The Ben Mulroney Show - The newest Canadian. A conversation on what it means to Martha Gai
Episode Date: June 30, 2025- Martha Gai If you enjoyed the podcast, tell a friend! For more of the Ben Mulroney Show, subscribe to the podcast! https://link.chtbl.com/bms Also, on youtube -- https:...//www.youtube.com/@BenMulroneyShow Follow Ben on Twitter/X at https://x.com/BenMulroney Enjoy Learn more about your ad choices. Visit megaphone.fm/adchoices
Transcript
Discussion (0)
Welcome back to the Ben Mulrooney Show and tomorrow is Canada Day and you know there
are a lot of people in this country that if given the chance would want to dismantle this country, one institution by after another. There are some who believe we are irredeemably lost.
We are a net negative in the world. We are a cancer. We are a blight. We are a tumor. We need
to be excised. And we start with our history and we move through our institutions until there is
and then our identity and then we have nothing left. I don't know how many of those people there
are, but even if there's a few of them,
they're just very loud and they crowd out
the more rational positive voices.
So here on the show today,
we are going to welcome one of those positive voices
into the conversation.
A few weeks ago, we were joined here at our radio station
by a new face and a light in the hallways.
I have not had a chance to work with our intern,
but I'm so glad to spend some time with her today.
Martha Guy, she was a South Sudanese student
and as of the 18th of this month,
she is a Canadian citizen.
Martha, welcome to the show.
Thank you, Ben.
I'm happy to be here.
Well, listen, like I said, we haven't worked together,
but I've always loved spending time with you
and I know that everybody here loves spending time with you.
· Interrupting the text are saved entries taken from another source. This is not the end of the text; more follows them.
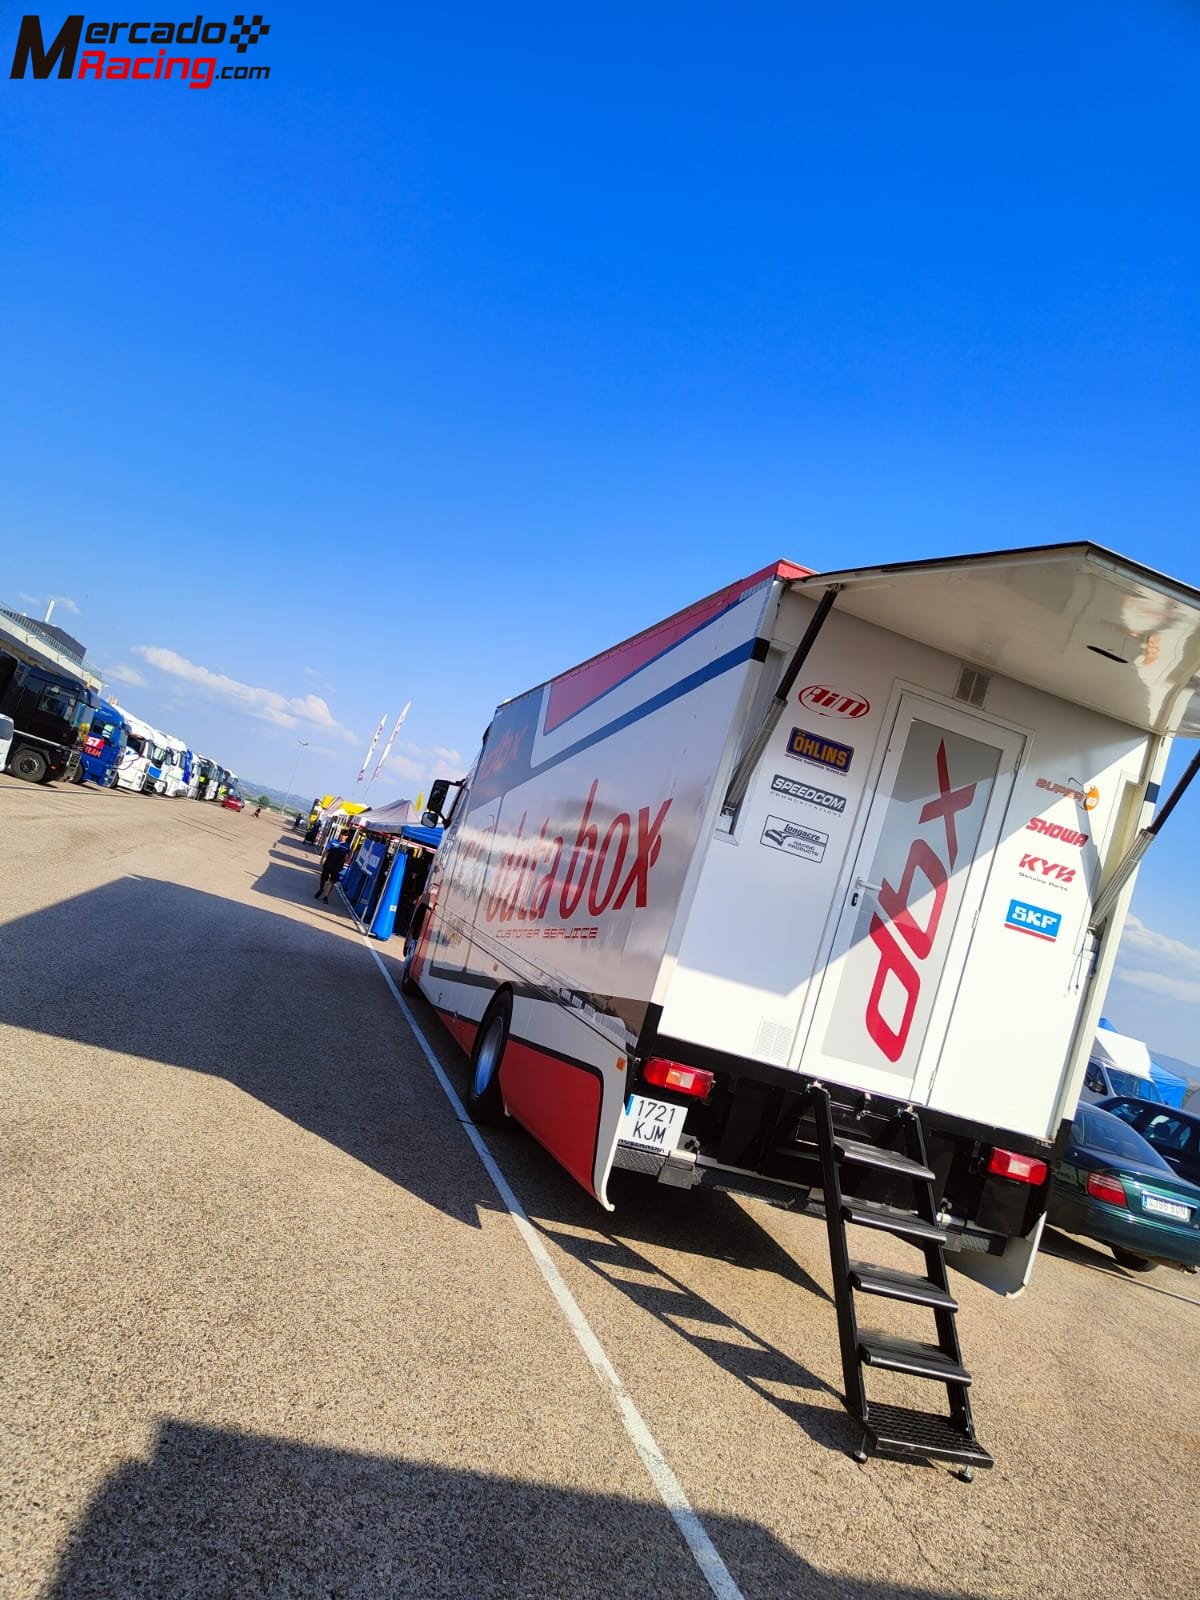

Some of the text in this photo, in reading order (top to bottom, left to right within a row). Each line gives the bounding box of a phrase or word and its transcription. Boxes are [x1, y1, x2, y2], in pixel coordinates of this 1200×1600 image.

[793, 731, 849, 768] ÖHLINS
[783, 823, 821, 842] Longacre
[1026, 816, 1089, 848] SHOWA
[1018, 853, 1077, 883] KYB
[1012, 905, 1058, 930] SKF
[543, 926, 599, 939] SERVICE
[636, 1099, 677, 1125] 1721
[632, 1120, 667, 1144] KJM
So seriously, welcome and talk to me.
Let's let's start with the day you became a Canadian citizen.
So what was that like?
Oh, the day I became Canadian.
What a great day.
It rained on that day.
And I was like, maybe it was just like the very beginning of like new experiences.
But it was so patriotic, I I would say because they played this video
and then I was seeing these great parts of Canada and I was like oh my god I want to
travel all these parts I want to go and see the aurora lights yeah the northern terraria
I want to go there those ones I want to see them because they look so pretty and I was
like this always just look like one of those things that you know that in animations the
things just they just appear as like yeah But these are real things that I wanted.
I was like, I'll have to travel one day
just to be able to experience this.
So it's just a lot.
I'm just like, I love this
and I'm excited for a lot of things.
So you felt, is it fair to say that in that moment
when you took the citizenship oath,
that you felt the pride of being Canadian?
Oh my God.
It was like it was jumping out of my heart.
I was like, yes. And It was like, it was jumping out of my heart. I was like, yes.
And I was like, it felt like,
it just felt like this new community,
these new people and the way they said welcome,
I was like, yes, I'm happy to be here.
Okay, so now let's go back to the beginning of the story.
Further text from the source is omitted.